O fato é que havia ali naquele local um estado de sofrimento múltiplo: animais, pessoa acumuladora e vizinhos em estado de sofrimento! Moradores me relataram que não podiam abrir as janelas laterais, de tanto que fedia! Onde estava a Vigilância Sanitária que foi omissa nesse caso? Sim, foi omissa. Se não tivesse sido, não teríamos as fotos que seguem. Onde estavam os órgãos que deveriam cuidar das pessoas com transtornos mentais? Sim, já explicamos lá no começo do texto que essa é uma pessoa doente, que precisa de cuidados. De quem é a culpa? Nessa história apenas os animais são inocentes. Cada humano tem sua parcelinha nessa história. Principalmente quem abandonou ninhadas de animais há muitos anos, afinal, não é difícil que houvesse sangue da geração passada desses bichinhos nesse lugar, literalmente.

O local das fotos foi desativado há alguns anos, os animais que sobreviveram foram medicados e levados para um ou outro voluntário, visto a dificuldade de acolher felinos adultos e arredios. Mas, a maior parte para uma outra única pessoa, por isso o receio de eles apenas terem sido transferidos de acumulador. O trabalho foi realizado por pessoas vinculadas ou não a uma ONG (se autorizarem colocarei o nome). Não houve ajuda ou envolvimento de outros órgãos. Não sei precisar a quantidade de gatos que havia originalmente no local, talvez 20, 50, realmente não sei dizer. Mas as imagens falam por si.

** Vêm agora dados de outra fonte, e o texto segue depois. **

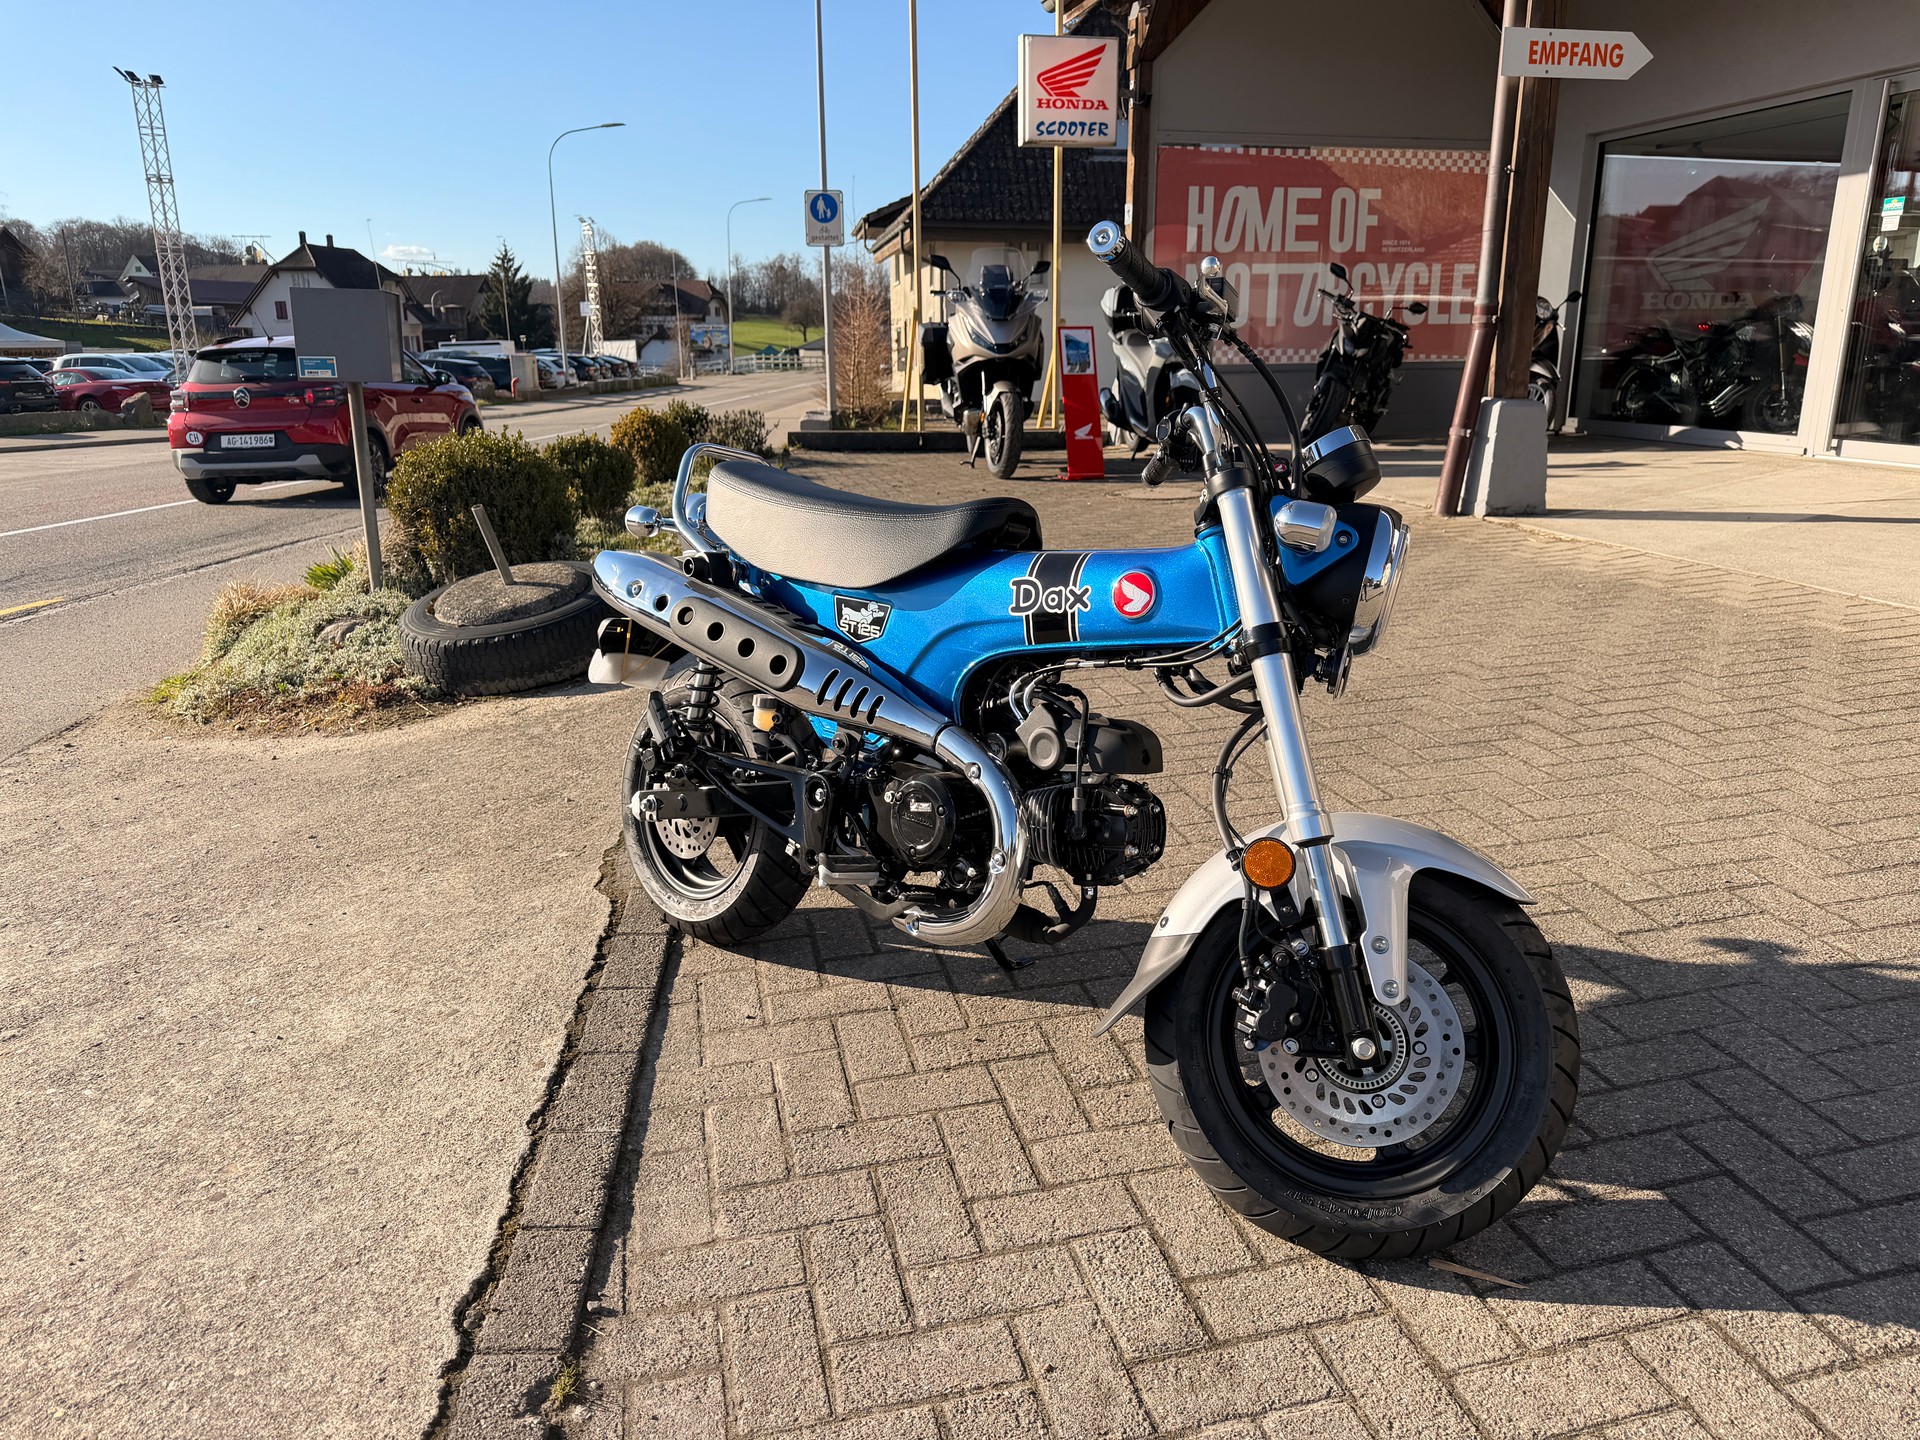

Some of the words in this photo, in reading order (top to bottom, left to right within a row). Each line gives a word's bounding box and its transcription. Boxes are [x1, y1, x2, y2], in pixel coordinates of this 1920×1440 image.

[1528, 40, 1624, 68] EMPFANG
[1036, 98, 1109, 111] HONDA
[1036, 121, 1108, 137] SCOOTER
[1329, 187, 1382, 253] OF
[1640, 291, 1758, 310] HONDA
[188, 432, 200, 444] CH
[1008, 576, 1092, 616] Dax
[839, 618, 881, 638] ST125
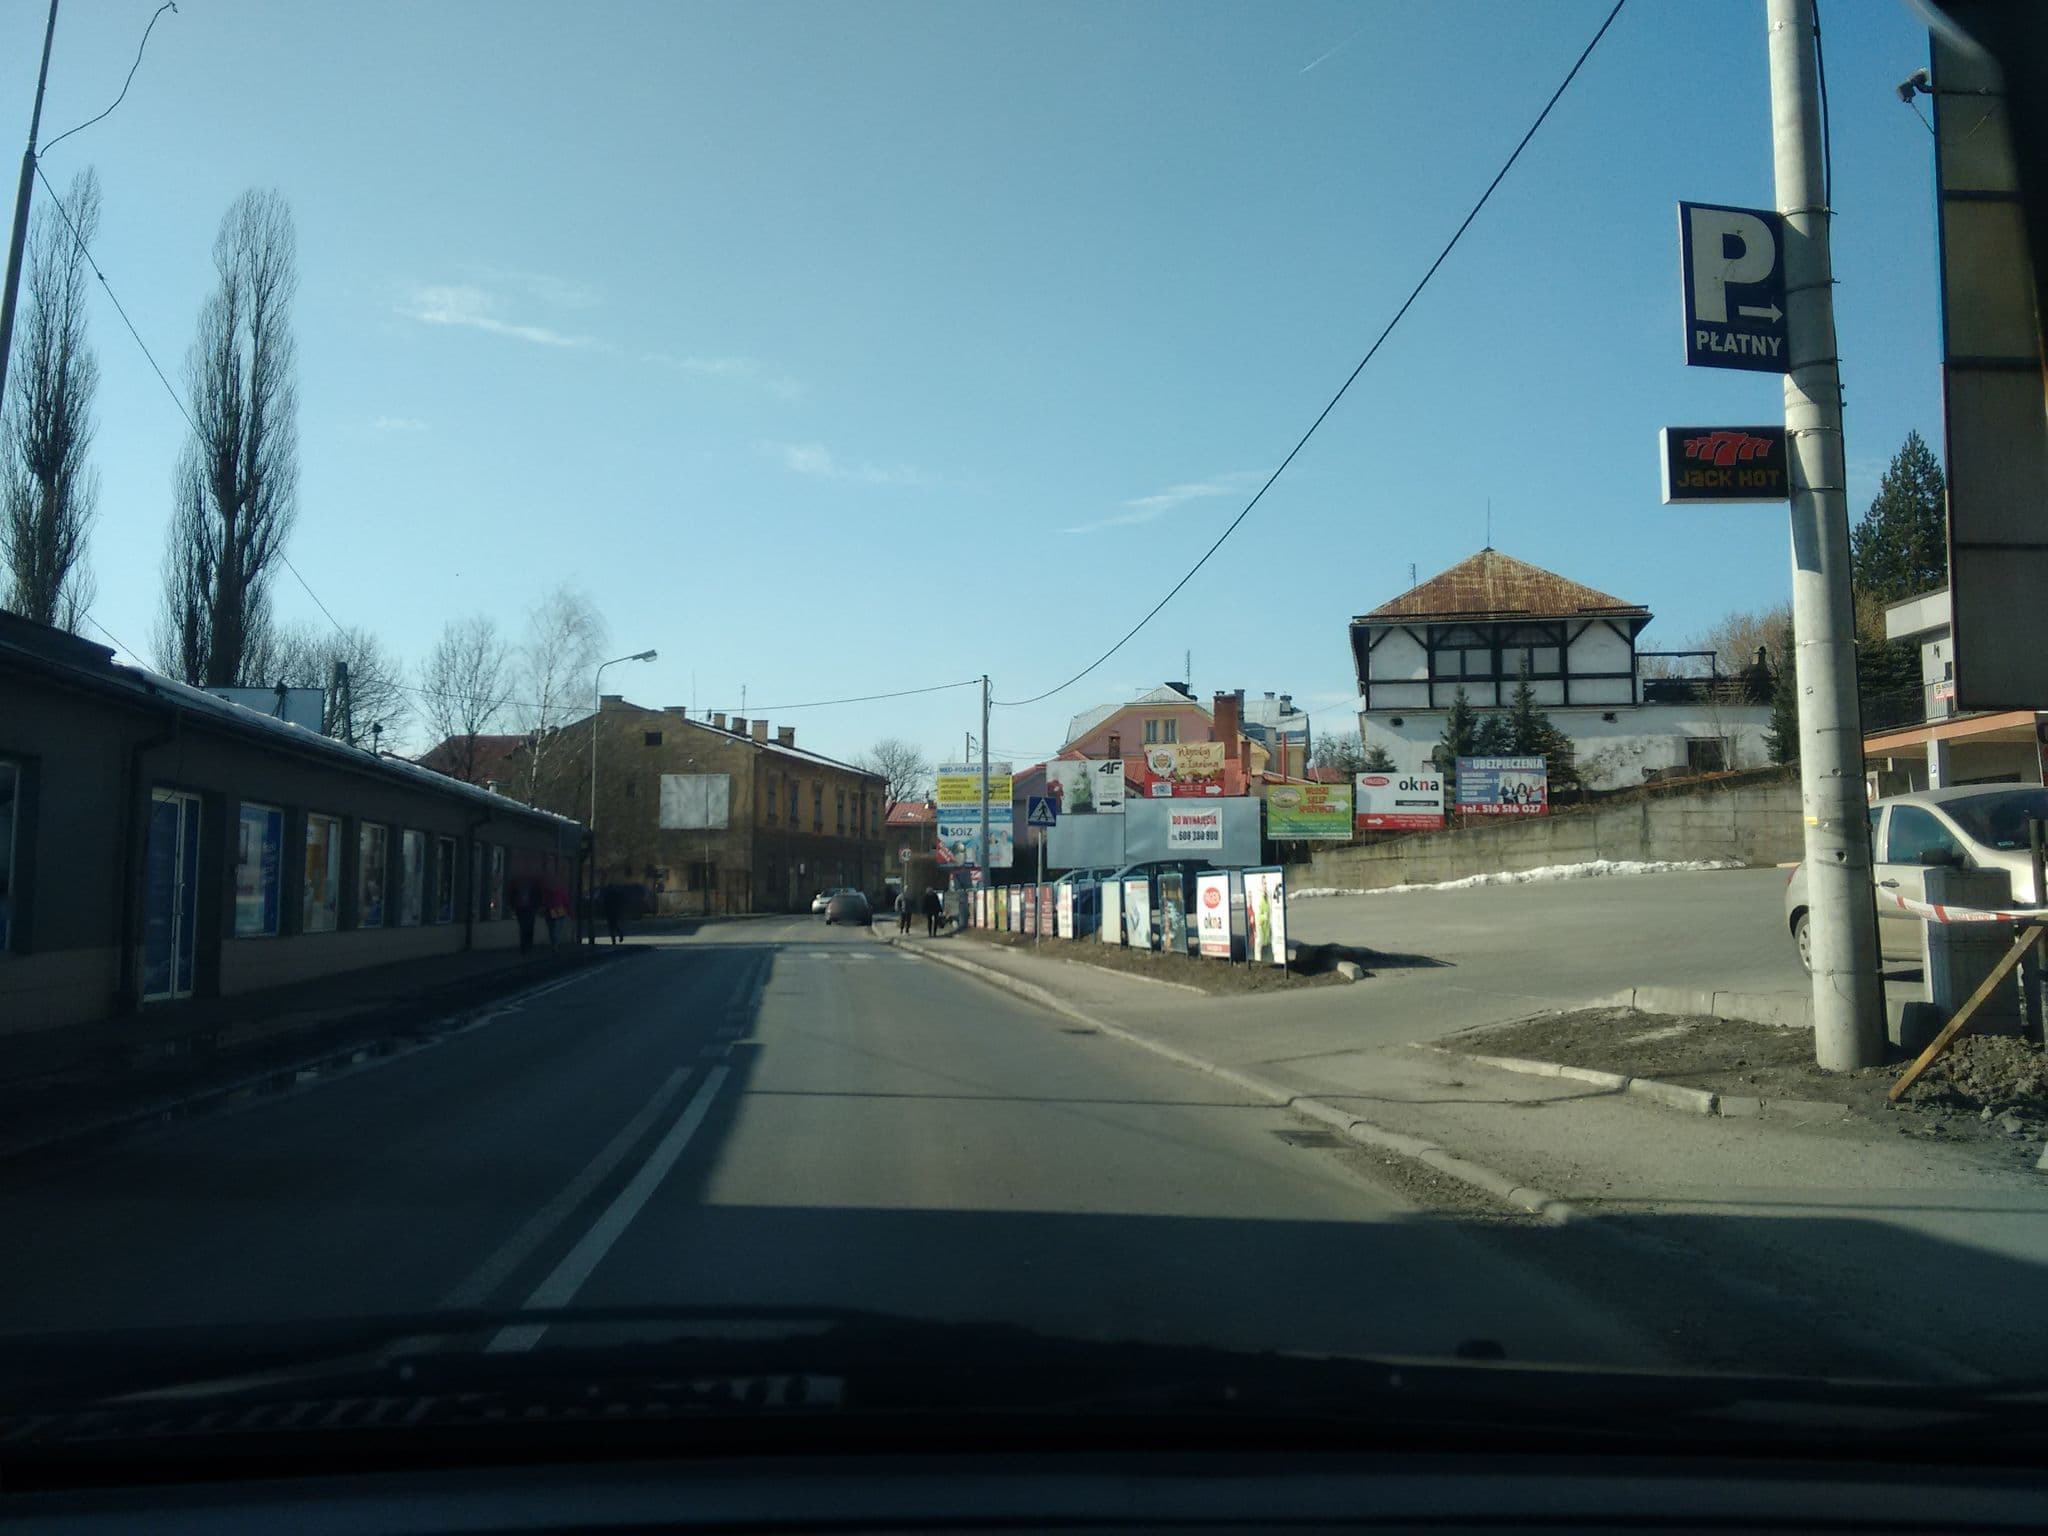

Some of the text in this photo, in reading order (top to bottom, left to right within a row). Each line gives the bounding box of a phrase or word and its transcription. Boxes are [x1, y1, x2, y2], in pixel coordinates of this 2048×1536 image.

[1690, 208, 1776, 323] P
[1696, 330, 1782, 357] PŁATNY
[1472, 758, 1544, 769] UBEZPIECZENIA
[1398, 776, 1440, 791] okna
[1462, 804, 1541, 813] tel. 516 516 027
[1204, 913, 1222, 930] okna

Visão externa de um dos locais onde os gatos eram aprisionados, em Cianorte. Mas o acumulador não compreende que isso é maus tratos. Fotos: Aida Franco de Lima
Continuidade da visão externa do mesmo local, completamente inapropriado. Foto: Aida Franco de Lima

IMPORTANTE: O local das fotos NÃO existe mais. Os animais foram retirados do ambiente, mas não posso assegurar que não tenham apenas sido ‘trocados’ por outra pessoa acumuladora. Mas há outros animais em situações similares não apenas em Cianorte como em diversas cidades. O intuito deste texto é alertar para o problema e defender a CASTRAÇÃO em massa com técnicas adequadas, pois na dor somos todos iguais. Acumular animais é uma DOENÇA que também precisa ser tratada, principalmente com apoio do Poder Público.

 

Aida Franco de Lima – Professora universitária. Dr.ª e Mestre em Comunicação e Semiótica (PUC-SP), Jornalista e Especialista em Educação Patrimonial (UEPG – PR); Guia Especializada em Atrativos Turísticos Naturais (SENAC – EMBRATUR);Técnica em Vestuário (CEEP – PR); escritora (Série: Guardador de Palavras da Gabi).